Peanut butter and jelly sandwiches were originally considered a delicacy, only enjoyed by those of the upper class.
PB&J Sandwiches Started as High-Society Tea Snacks
The peanut butter and jelly sandwich—beloved lunchbox staple, college dorm essential, nostalgic comfort food—wasn't always the everyman's meal. In the early 1900s, spreading peanut butter and jelly on bread was something you'd do at a fancy tearoom, not a kitchen counter.
The first published PB&J recipe appeared in 1901, when Julia Davis Chandler wrote about it in the Boston Cooking School Magazine. She recommended making dainty tea sandwiches with "peanut paste" and currant or crab-apple jelly. This wasn't food for the masses—it was a delicacy served at upscale establishments like Ye Olde English Coffee House, The Vanity Fair Tea-Room, and The Colonial Tea-Room in New York.
Why Was It Fancy?
Peanut butter itself was considered exotic and sophisticated. It was labor-intensive to make before mechanization, and both it and commercial jellies were relatively new products. Having access to these ingredients signaled you had money and refinement.

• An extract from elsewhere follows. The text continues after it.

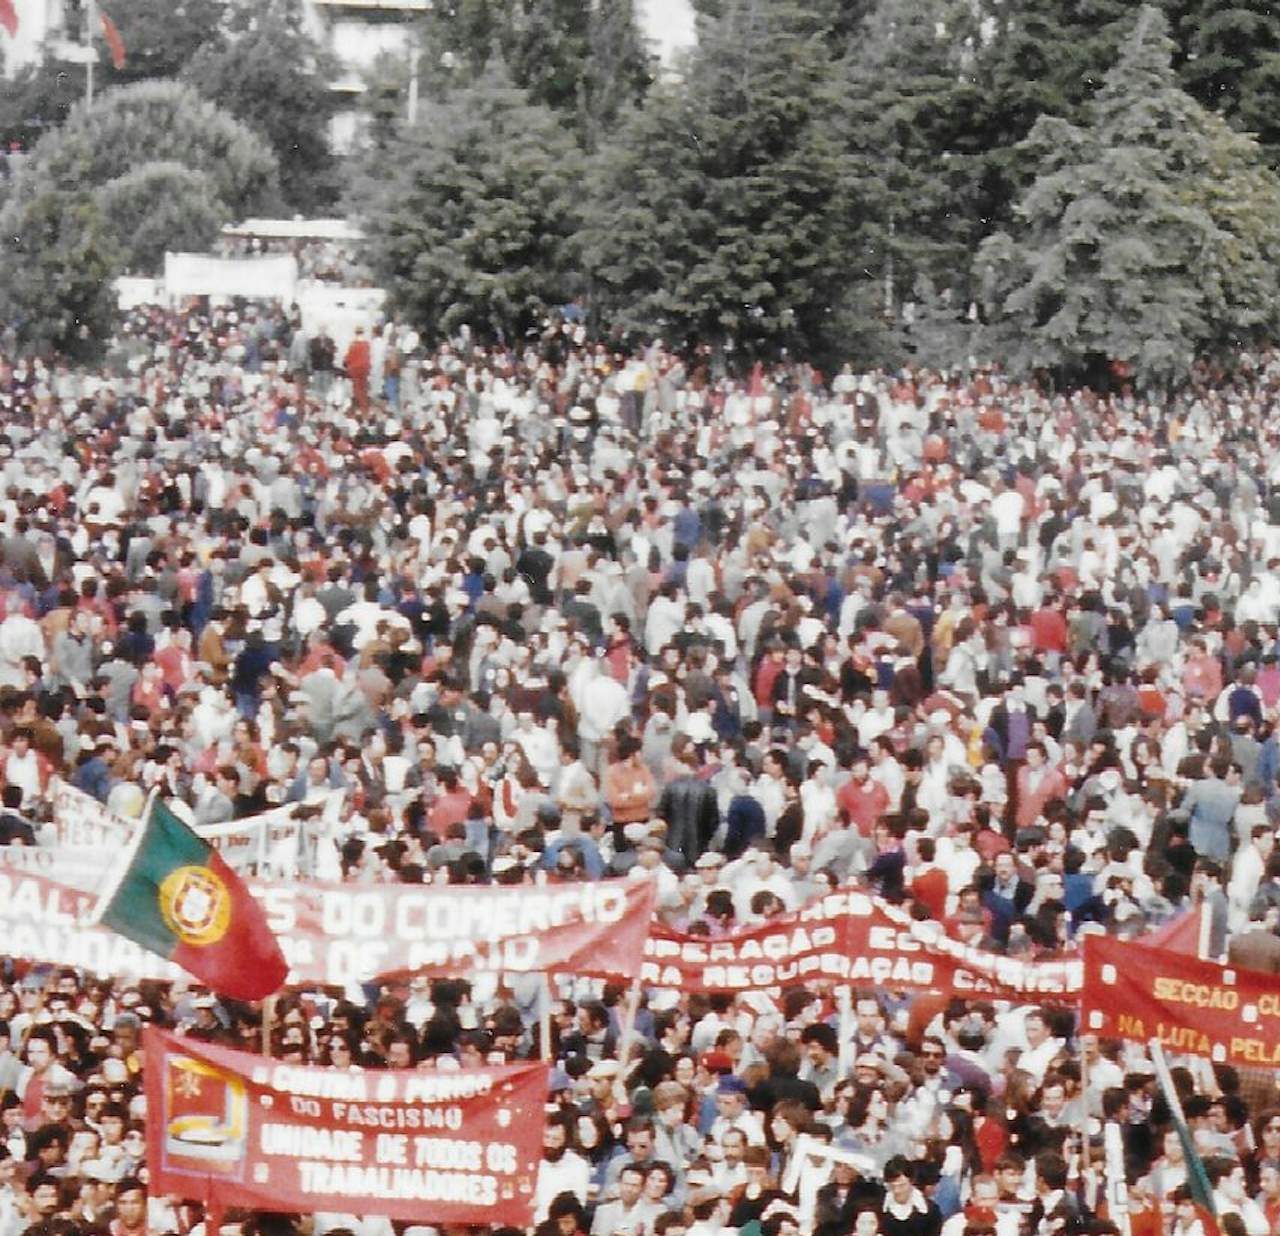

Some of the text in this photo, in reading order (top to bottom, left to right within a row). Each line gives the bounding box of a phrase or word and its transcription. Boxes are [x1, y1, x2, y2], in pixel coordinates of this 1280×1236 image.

The sandwich was designed for the upper crust—literally and figuratively. Light, crustless finger sandwiches served with tea were hallmarks of high society. PB&J fit right in alongside cucumber sandwiches and other genteel fare.
The Great Reversal
Everything changed by the 1930s. Three major shifts democratized the PB&J:
- Mass production made peanut butter and jelly cheap and widely available
- Sliced bread became commercially available in 1928, making sandwich-making effortless
- The Great Depression made its affordability, nutrition, and shelf-stability invaluable
What was once a status symbol became survival food. The sandwich's high protein content and non-perishable ingredients made it perfect for struggling families. Then came World War II, when American soldiers ate PB&J rations in the field. They brought the taste home, cementing it as an American classic.
Today, the average American will eat 1,500 peanut butter and jelly sandwiches before graduating high school. The tearoom treat became so common that it's hard to imagine it was ever anything else. But for a brief moment at the turn of the 20th century, your PB&J would've been served on fine china—with your pinky up.